MALANG POSCO MEDIA, MALANG – Upah Minimum Kota (UMK) Kota Malang tahun 2023 telah ditetapkan Gubernur Jawa Timur sebesar Rp 3.194.143. Nominal ini dirasa cukup adil bagi Ketua DPRD Kota Malang I Made Riandiana Kartika dirasa sudah ‘win-win solution’. Sudah ada kenaikan atau peningkatan, namun juga tetap menjaga kenaikannya tidak terlalu tinggi agar iklim antara pekerja dan pengusaha cukup terjaga.
Ia menilai UMK 2023 yang naik sekitar Rp 200 ribu dari tahun 2022 itu sudah cukup untuk di Kota Malang. Ia tidak setuju apabila nilai UMK dibawah Rp 3 juta.
“Sekarang Rp 3 juta sekian, ditambah BPJS dan lain-lain, itu jatuhnya Rp 3 juta setengah, kok. Yang diterimakan itu sekitar Rp 3 juta sekian, tanpa ada potongan pajak. Saya rasa sudah bagus itu. Titik tengahnya ketemu, lah,” kata Made di tengah Sosialisasi UMK yang dilakukan oleh Pemkot Malang, Rabu (14/12) kemarin, di Hotel Savana Malang.
Menurut Made, hingga saat ini juga belum ada gejolak atau aduan maupun keluhan dari pihak pengusaha. Meski begitu, sosialisasi UMK seperti yang dilakukan oleh Pemkot Malang ini juga penting untuk terus dilakukan.

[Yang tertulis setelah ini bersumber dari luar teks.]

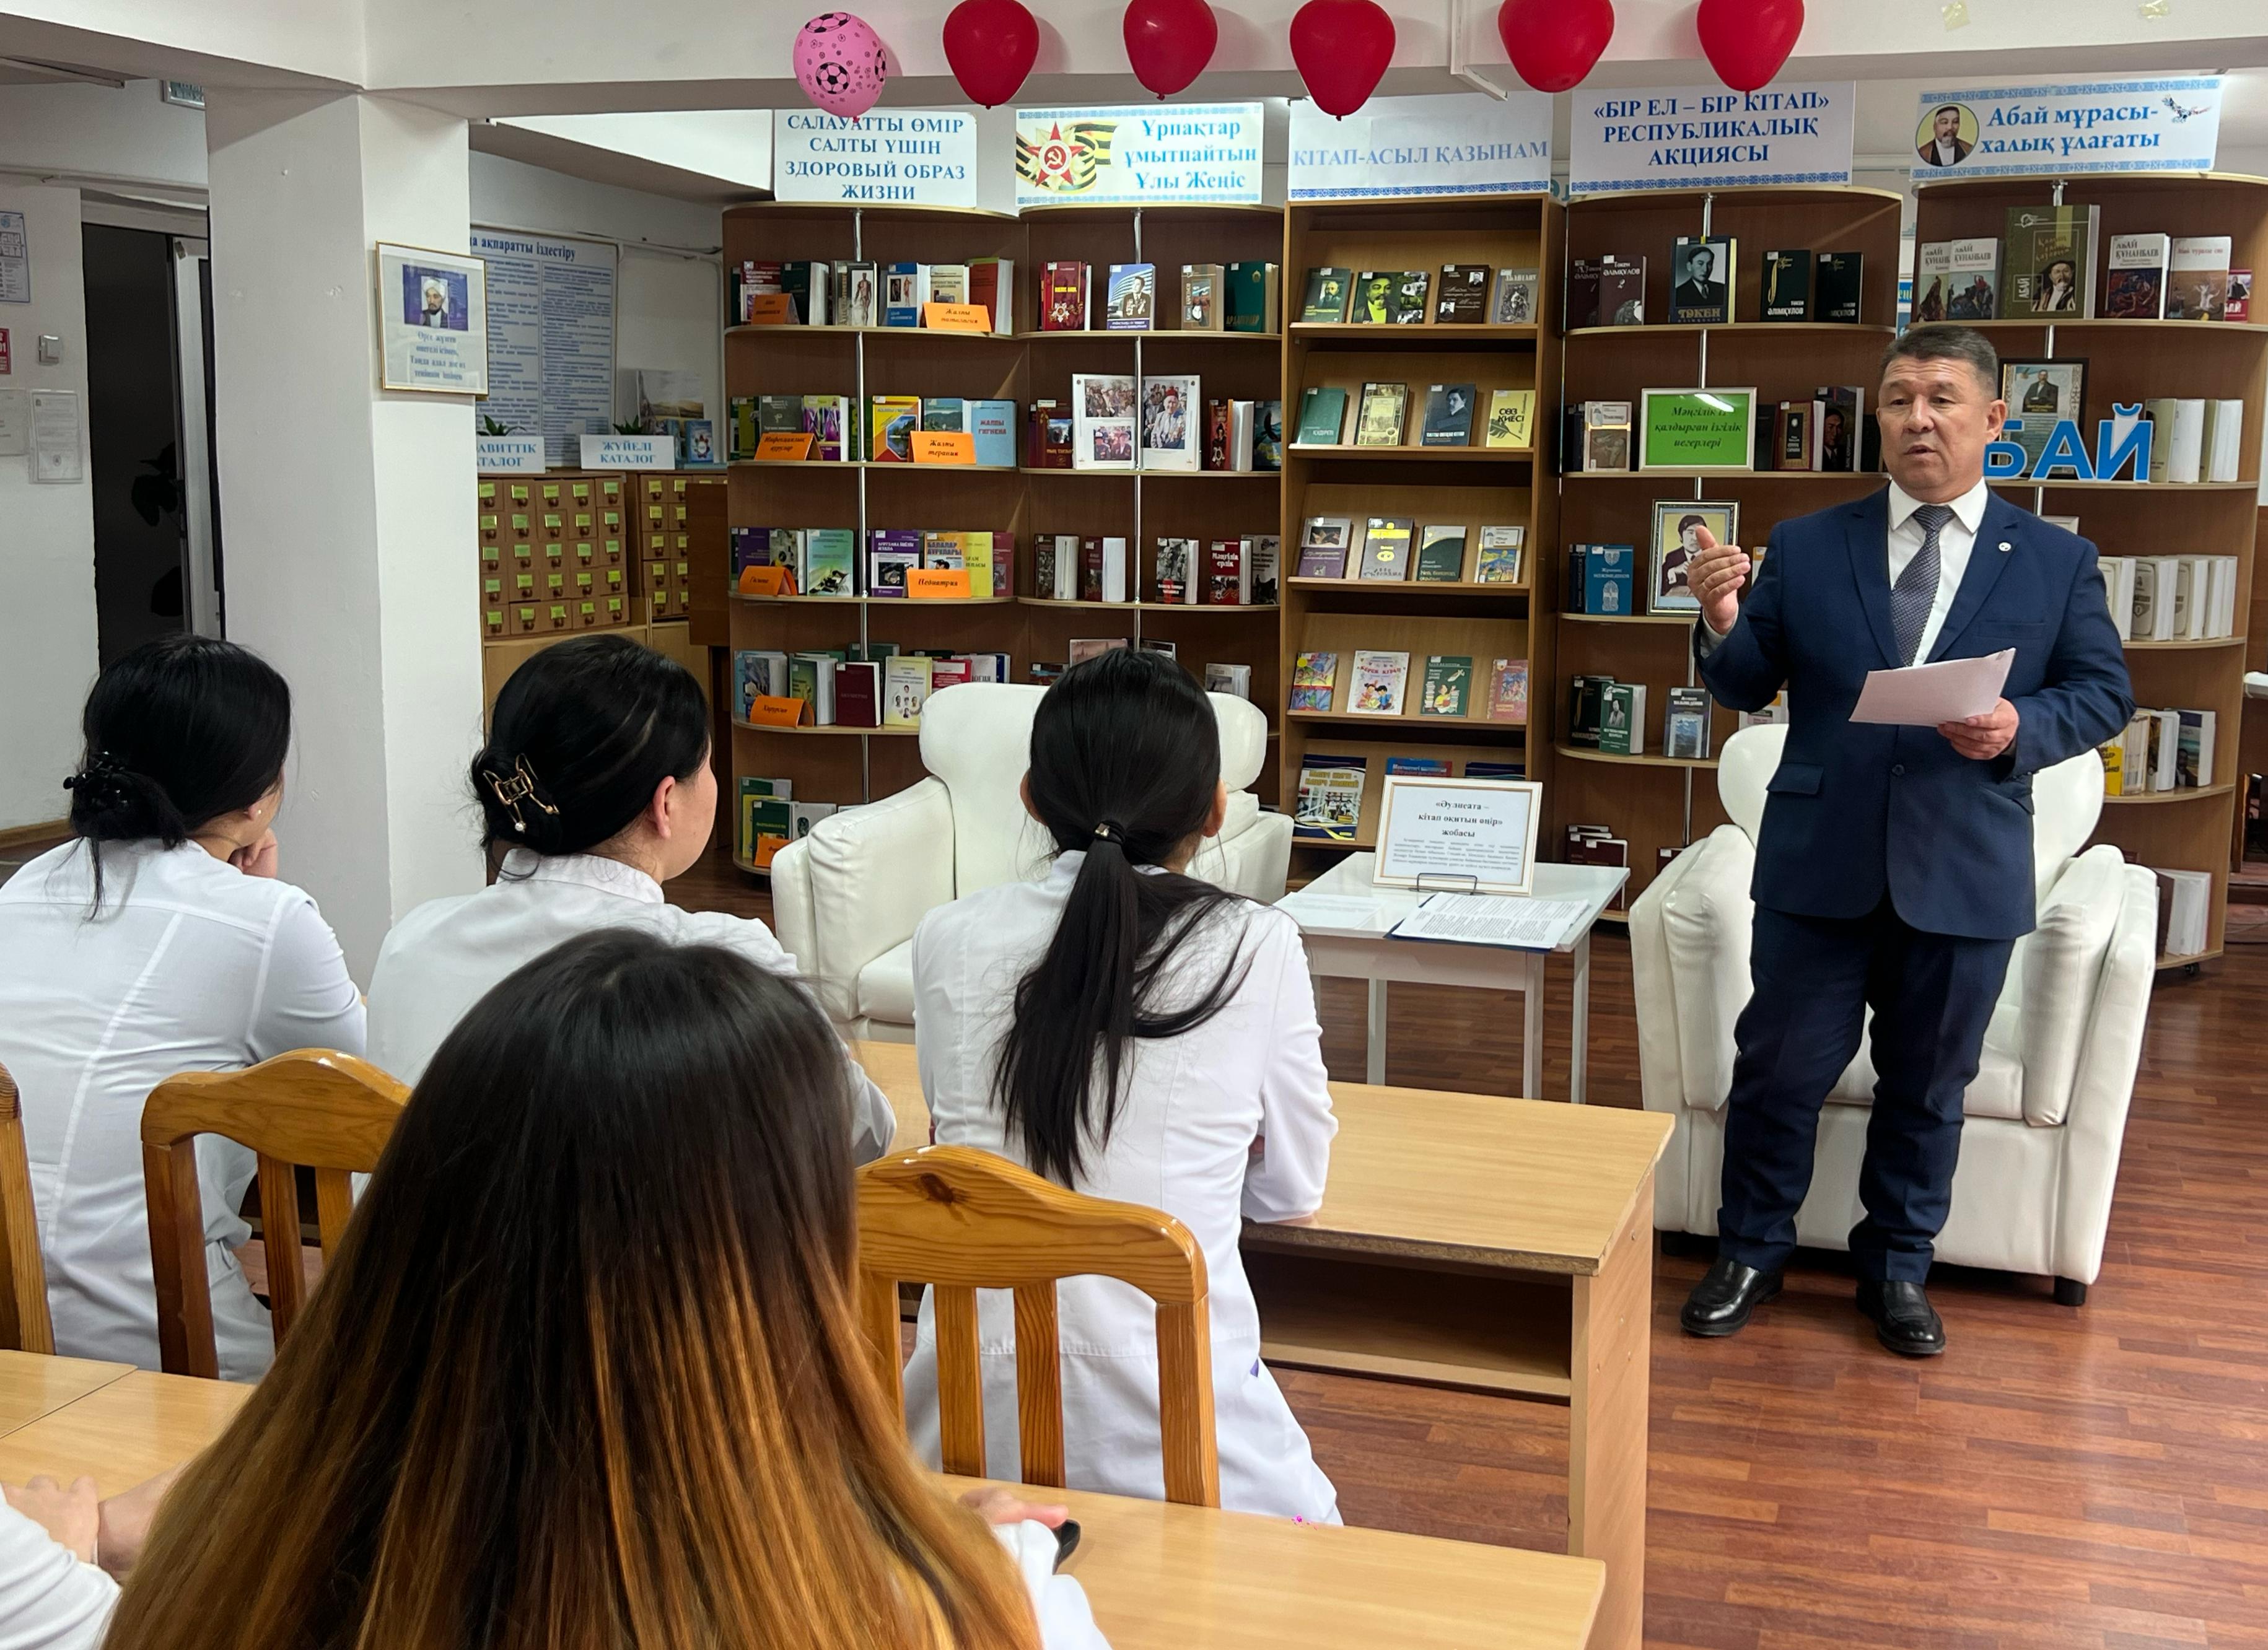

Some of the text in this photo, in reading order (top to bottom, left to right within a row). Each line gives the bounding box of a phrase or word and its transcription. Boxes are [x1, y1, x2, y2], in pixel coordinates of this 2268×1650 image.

“Akan kami kawal ini. Artinya kalau sudah ditentukan standar UMK, ya sudah, tidak boleh ada di bawah itu. Kalau ada, silahkan sampaikan kepada kami,” tegasnya.
Sementara itu, Ketua SPSI Kota Malang, Suhirno menerima keputusan dari gubernur Jawa Timur dan akan mengikuti atau melaksanakan aturan yang sudah ditetapkan itu. Meskipun nilai itu dirasanya masih kurang besar.
“Karena bisa diterima atau tidak, itu tergantung antara pengusaha dan pekerja. Kalau itu salah satu tidak menerima, tentunya akan menimbulkan masalah baru. Padahal kita ingin perusahaan tetap jalan, buruh tetap bekerja mencari nafkah,” katanya.
Sikapnya itu diambil karena angka UMK yang ditetapkan tidak menggunakan salah satu rumusan yang digunakan, baik oleh pihak pekerja maupun pihak pengusaha.
“Sehingga saya melihat Ibu Gubernur mengambil sikap kebijakan dan perhitungan tersendiri, yakni di angka Rp 3.194.143. Jadi bukan (berdasarkan) PP 36 dan juga Permenaker 18 2022,” sebutnya.
Karena sudah menjadi keputusan Gubernur, maka Suhirno meminta kepada semua pihak untuk menghargai dan menghormati. Tentunya dilandasi dengan kesadaran bersama dimana pekerja dan pengusaha saling membutuhkan. Iklim atau suasana yang damai ini harus dijaga bersama
“Ya, kita wait and see, kita terima saja. Karena itu keputusan seorang pimpinan provinsi. Tapi kalau menurut keinginan kita. Ya, kita kurang besar. Kalau keinginan pengusaha, ya ingin yang kecil. Tetapi sekali lagi itu merupakan keputusan Gubernur. Ya, kita hargai, kita hormati,” tandasnya. (ian/aim)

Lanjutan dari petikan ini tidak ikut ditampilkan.